(Dataset items)
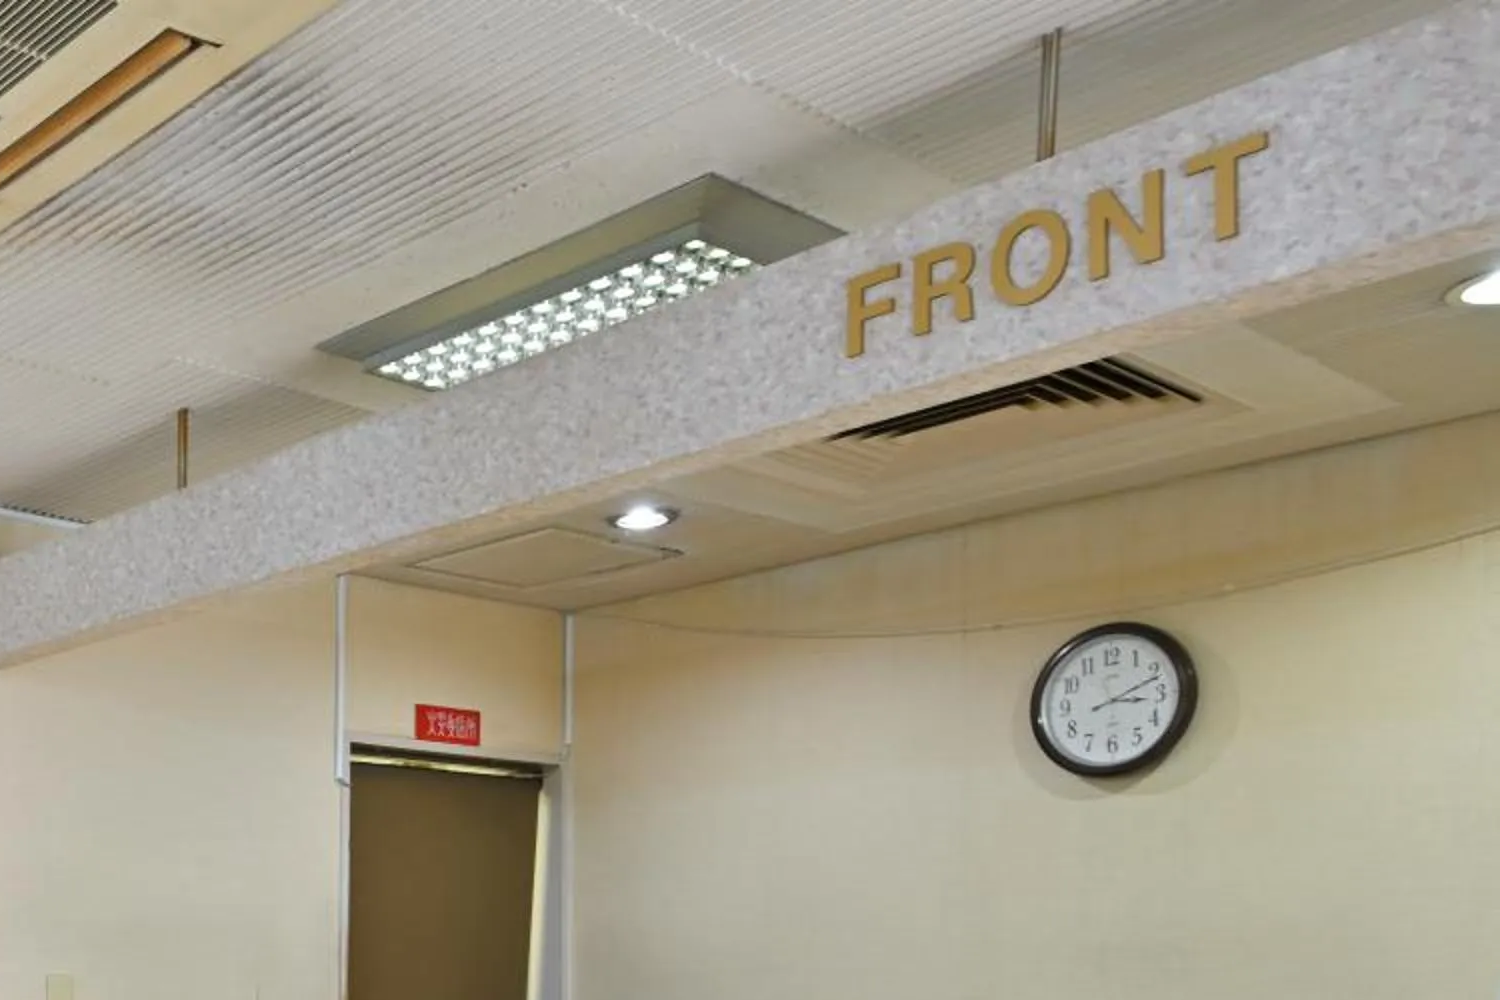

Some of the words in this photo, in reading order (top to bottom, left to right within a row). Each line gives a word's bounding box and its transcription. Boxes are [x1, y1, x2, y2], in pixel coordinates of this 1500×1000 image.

[844, 128, 1270, 358] FRONT
[1081, 656, 1094, 677] 11
[1103, 646, 1121, 667] 12
[1131, 649, 1140, 668] 1
[1064, 675, 1079, 696] 10
[1154, 682, 1167, 704] 3
[1059, 698, 1071, 717] 9
[1148, 707, 1159, 727] 4
[1067, 719, 1077, 739] 8
[1132, 727, 1143, 747] 5
[1084, 733, 1095, 752] 7
[1107, 734, 1119, 754] 6
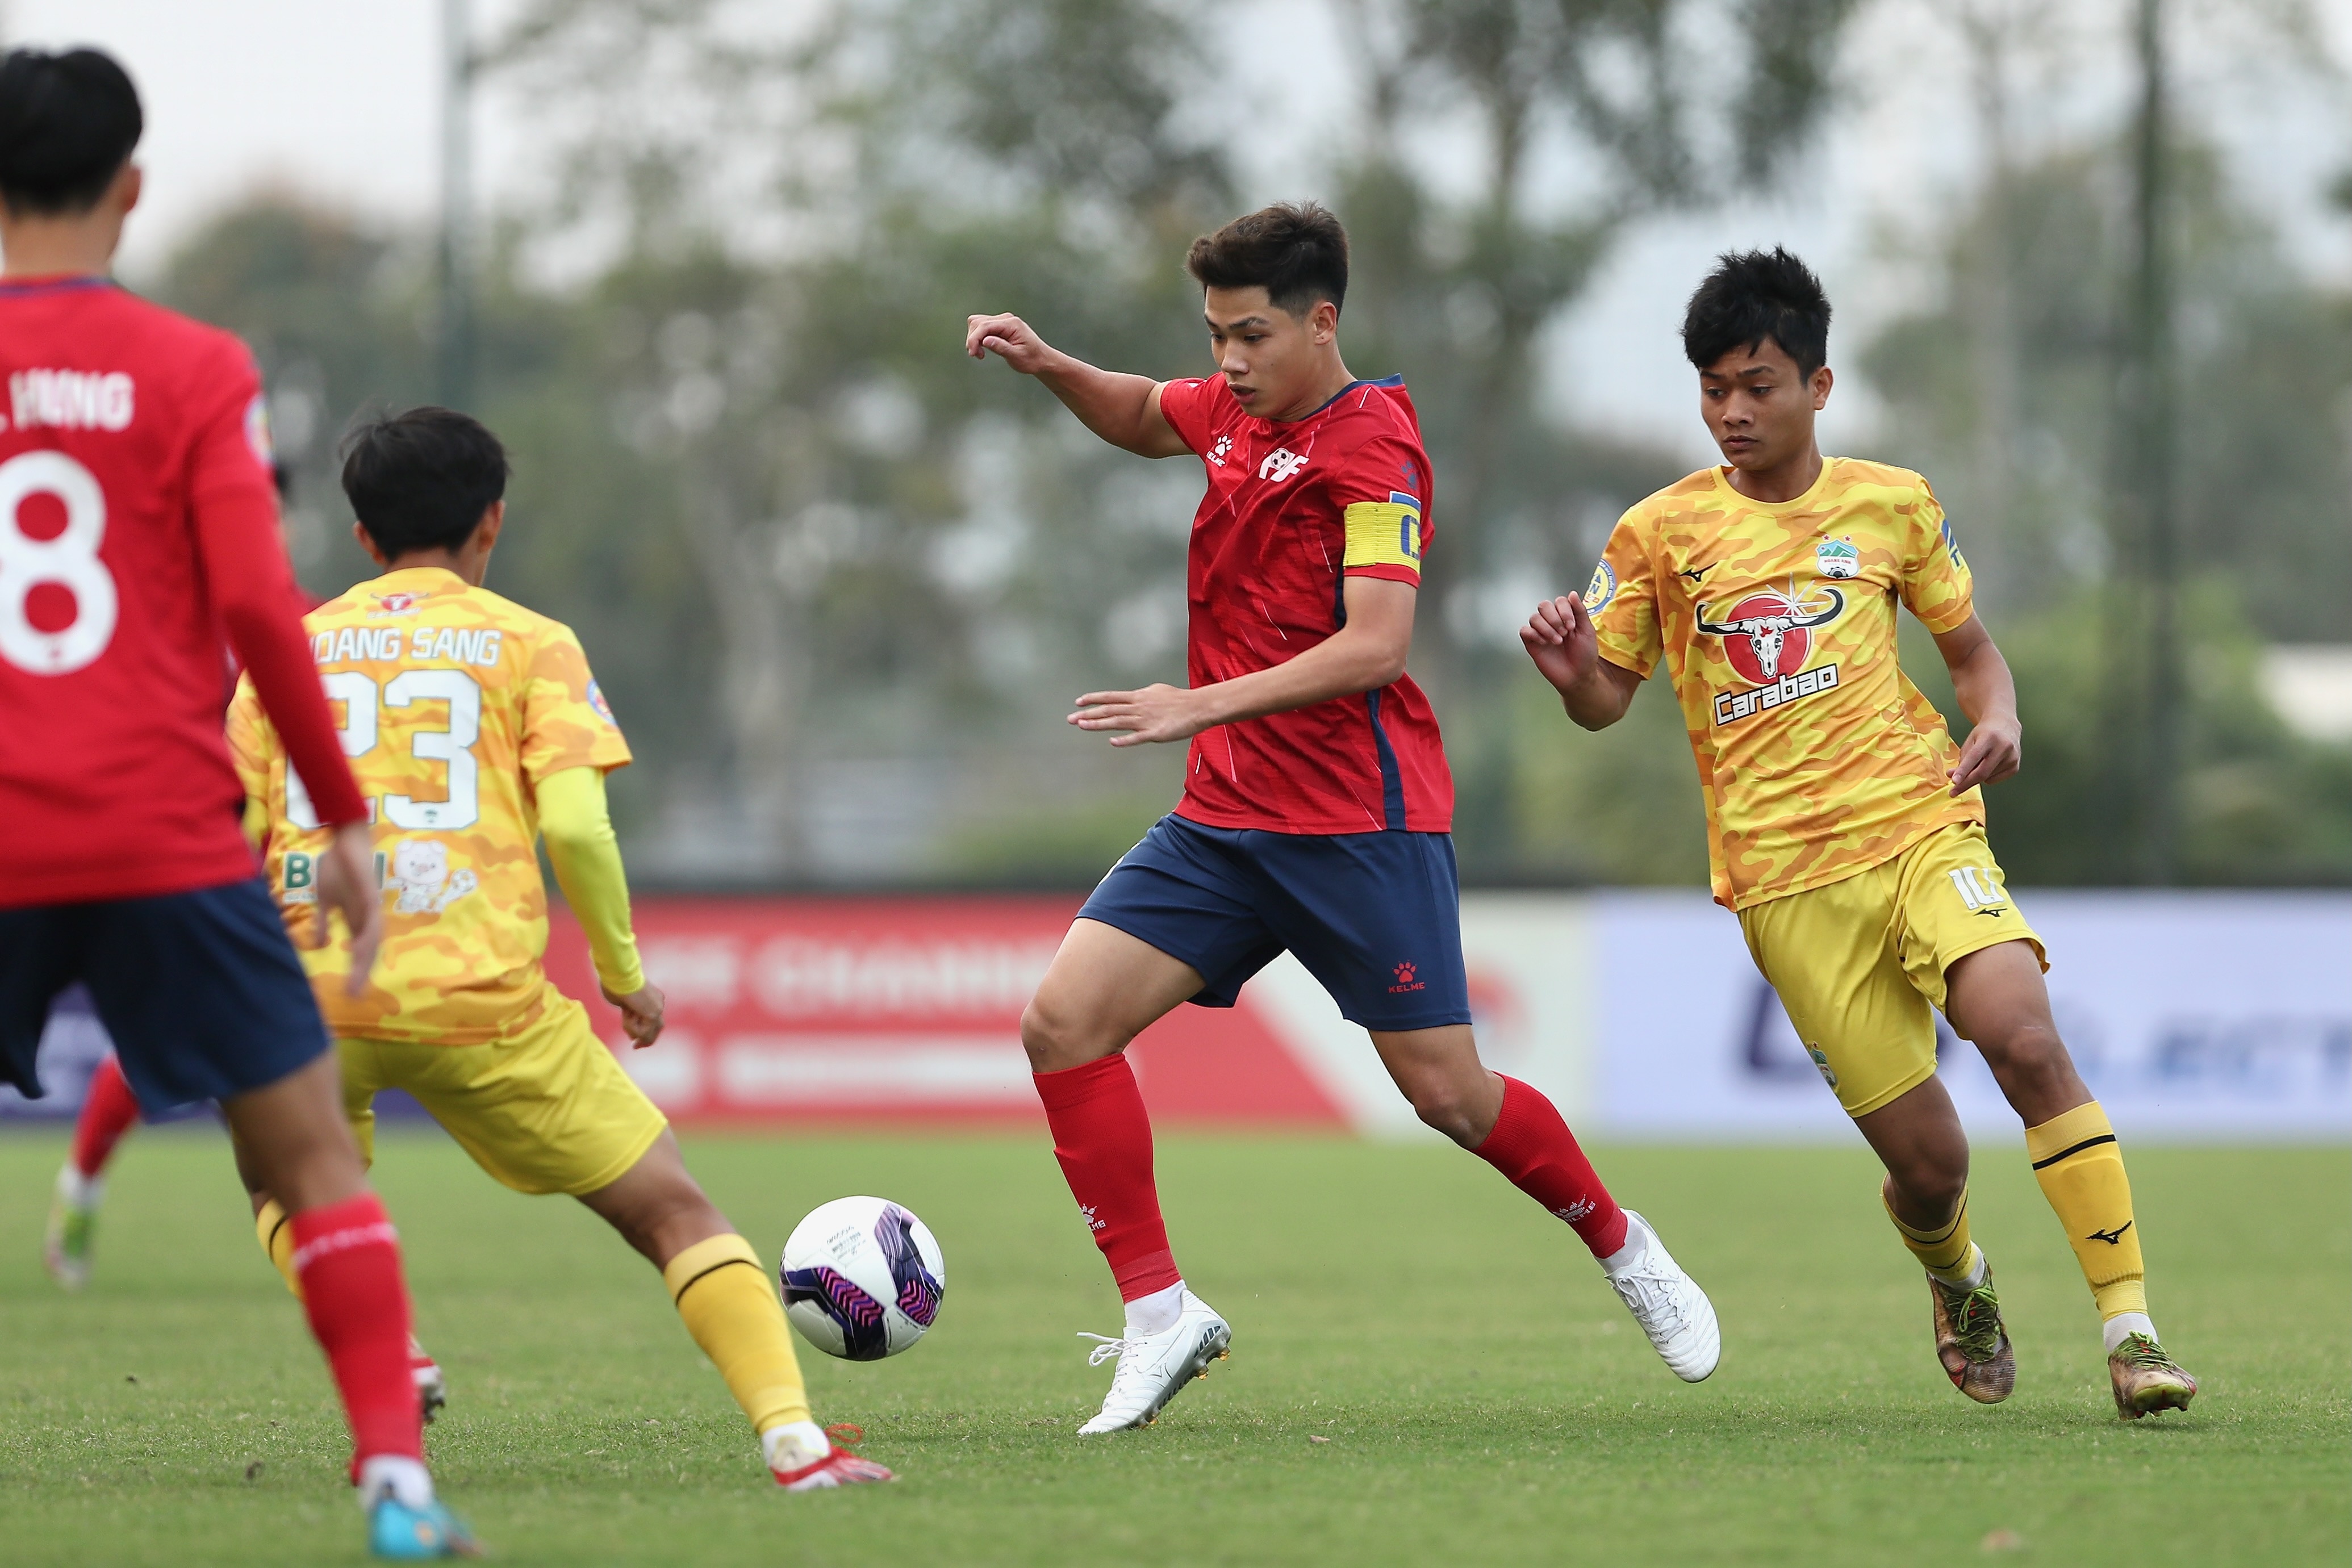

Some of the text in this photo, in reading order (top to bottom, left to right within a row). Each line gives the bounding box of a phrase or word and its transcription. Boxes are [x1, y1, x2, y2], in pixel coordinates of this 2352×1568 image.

[0, 448, 119, 675] 8
[310, 626, 502, 667] OANG SANG
[1714, 663, 1839, 726] Carabao
[1947, 865, 2004, 910] 10
[1388, 982, 1425, 993] KELME

→ Activity
The answer is the line with "Some of the text" plus every line after it, printed exactly as they appear above.

→ Output below
Some of the text in this photo, in reading order (top to bottom, left to right within a row). Each line gives the bounding box of a phrase or word and its transcription. Boxes are [x1, y1, x2, y2], in pixel coordinates of this 2352×1568 image.

[0, 448, 119, 675] 8
[310, 626, 502, 667] OANG SANG
[1714, 663, 1839, 726] Carabao
[1947, 865, 2004, 910] 10
[1388, 982, 1425, 993] KELME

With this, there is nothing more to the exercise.